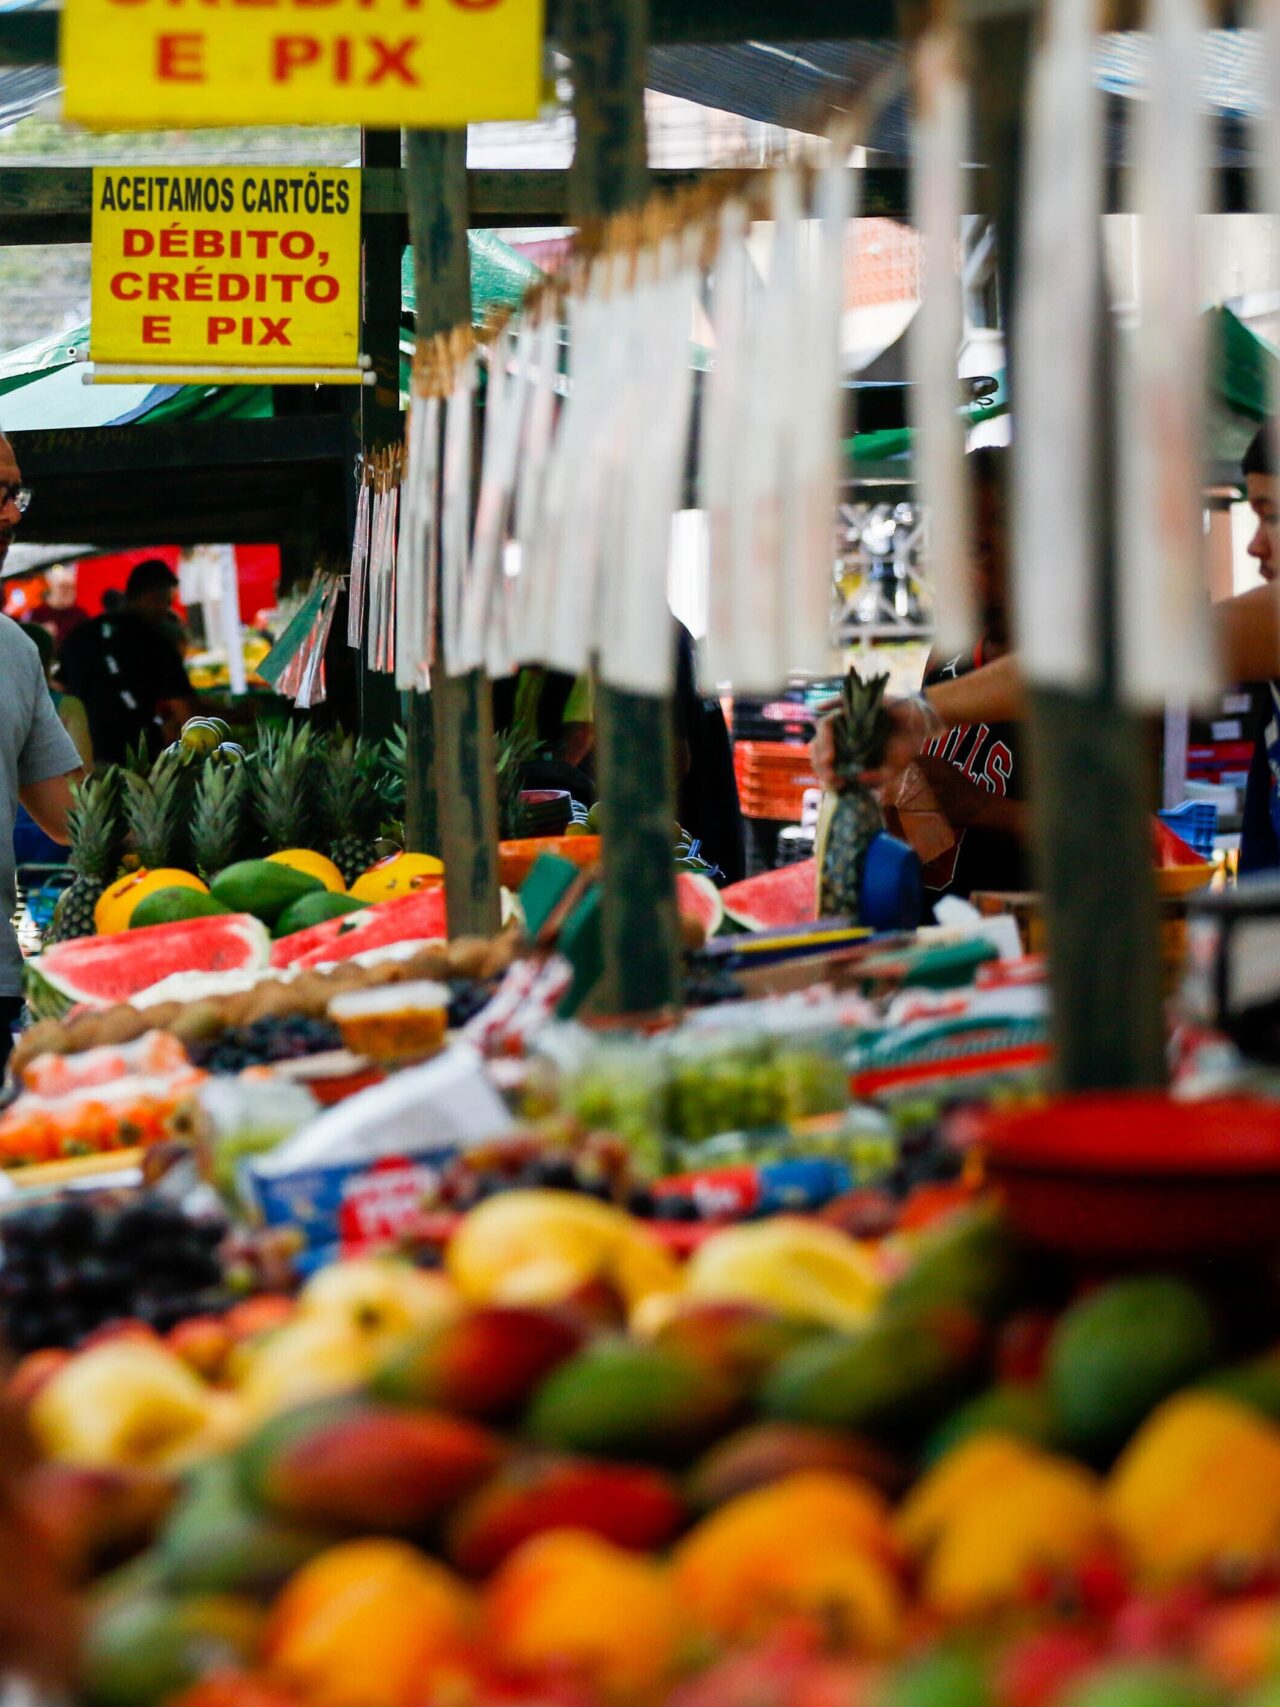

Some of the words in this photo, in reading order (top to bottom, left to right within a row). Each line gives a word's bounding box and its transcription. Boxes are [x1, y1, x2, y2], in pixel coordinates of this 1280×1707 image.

[155, 31, 206, 83] E
[271, 35, 421, 87] PIX
[100, 176, 234, 212] ACEITAMOS
[242, 171, 350, 214] CARTÕES
[122, 222, 330, 267] DÉBITO,
[110, 265, 340, 304] CRÉDITO
[142, 315, 171, 344] E
[207, 316, 293, 346] PIX
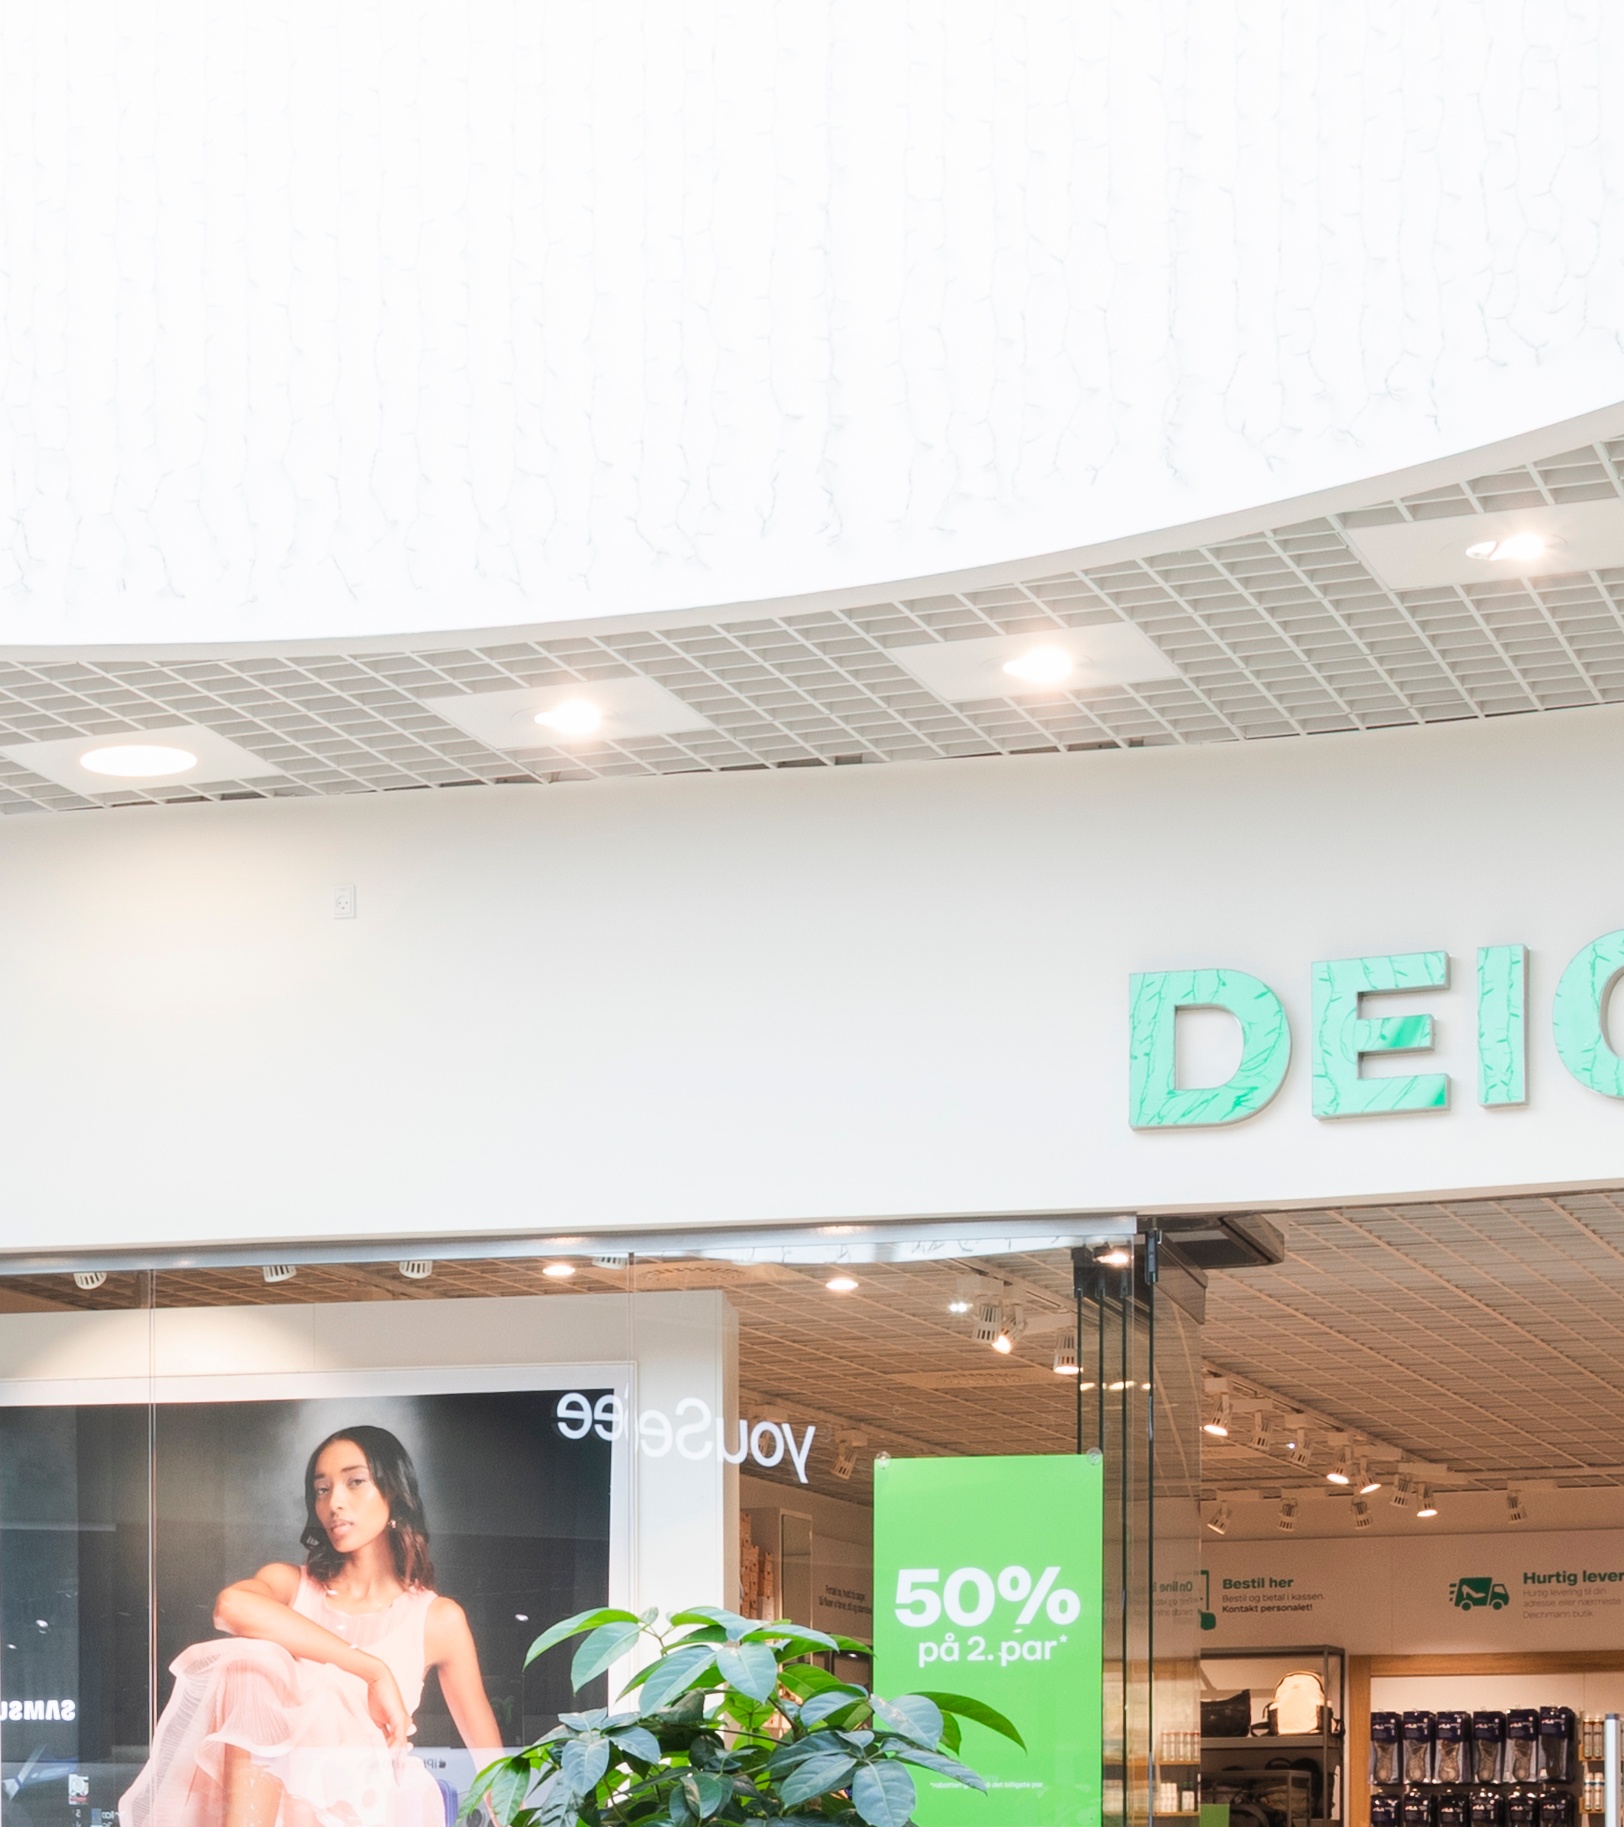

--------------------

ABOUT THIS TASK - Transcribe the data exactly, minus any images.

SOLUTION FOR THIS EXERCISE -
Some of the words in this photo, in reading order (top to bottom, left to right within a row). Each line gives a word's bounding box and its transcription. Boxes are [x1, y1, x2, y2], in pixel coordinates of this 1280×1707 image.

[155, 31, 206, 83] E
[271, 35, 421, 87] PIX
[100, 176, 234, 212] ACEITAMOS
[242, 171, 350, 214] CARTÕES
[122, 222, 330, 267] DÉBITO,
[110, 265, 340, 304] CRÉDITO
[142, 315, 171, 344] E
[207, 316, 293, 346] PIX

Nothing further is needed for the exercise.